● PROBLEM STATEMENT
A complete, exact copy of the records below is the required result.

———

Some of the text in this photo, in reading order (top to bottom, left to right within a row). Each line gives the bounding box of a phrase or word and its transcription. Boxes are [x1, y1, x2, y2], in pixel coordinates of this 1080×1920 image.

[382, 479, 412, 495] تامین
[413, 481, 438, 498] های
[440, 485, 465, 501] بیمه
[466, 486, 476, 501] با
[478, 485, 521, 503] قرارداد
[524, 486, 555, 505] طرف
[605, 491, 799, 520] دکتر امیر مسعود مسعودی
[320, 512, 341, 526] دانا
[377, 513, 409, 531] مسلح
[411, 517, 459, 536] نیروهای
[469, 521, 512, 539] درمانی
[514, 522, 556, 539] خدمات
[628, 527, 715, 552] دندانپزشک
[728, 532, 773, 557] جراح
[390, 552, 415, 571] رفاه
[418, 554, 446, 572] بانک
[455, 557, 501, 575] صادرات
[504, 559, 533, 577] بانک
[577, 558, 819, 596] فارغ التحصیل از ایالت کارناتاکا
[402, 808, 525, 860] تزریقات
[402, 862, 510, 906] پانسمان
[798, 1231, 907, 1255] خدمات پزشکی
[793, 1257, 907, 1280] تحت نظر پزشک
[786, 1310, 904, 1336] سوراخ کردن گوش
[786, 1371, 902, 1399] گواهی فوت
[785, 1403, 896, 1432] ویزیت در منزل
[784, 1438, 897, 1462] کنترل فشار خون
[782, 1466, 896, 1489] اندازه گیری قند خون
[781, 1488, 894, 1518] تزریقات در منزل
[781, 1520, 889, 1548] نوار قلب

———

● REPLY TO THE TASK
Some of the text in this photo, in reading order (top to bottom, left to right within a row). Each line gives the bounding box of a phrase or word and its transcription. Boxes are [x1, y1, x2, y2], in pixel coordinates of this 1080×1920 image.

[382, 479, 412, 495] تامین
[413, 481, 438, 498] های
[440, 485, 465, 501] بیمه
[466, 486, 476, 501] با
[478, 485, 521, 503] قرارداد
[524, 486, 555, 505] طرف
[605, 491, 799, 520] دکتر امیر مسعود مسعودی
[320, 512, 341, 526] دانا
[377, 513, 409, 531] مسلح
[411, 517, 459, 536] نیروهای
[469, 521, 512, 539] درمانی
[514, 522, 556, 539] خدمات
[628, 527, 715, 552] دندانپزشک
[728, 532, 773, 557] جراح
[390, 552, 415, 571] رفاه
[418, 554, 446, 572] بانک
[455, 557, 501, 575] صادرات
[504, 559, 533, 577] بانک
[577, 558, 819, 596] فارغ التحصیل از ایالت کارناتاکا
[402, 808, 525, 860] تزریقات
[402, 862, 510, 906] پانسمان
[798, 1231, 907, 1255] خدمات پزشکی
[793, 1257, 907, 1280] تحت نظر پزشک
[786, 1310, 904, 1336] سوراخ کردن گوش
[786, 1371, 902, 1399] گواهی فوت
[785, 1403, 896, 1432] ویزیت در منزل
[784, 1438, 897, 1462] کنترل فشار خون
[782, 1466, 896, 1489] اندازه گیری قند خون
[781, 1488, 894, 1518] تزریقات در منزل
[781, 1520, 889, 1548] نوار قلب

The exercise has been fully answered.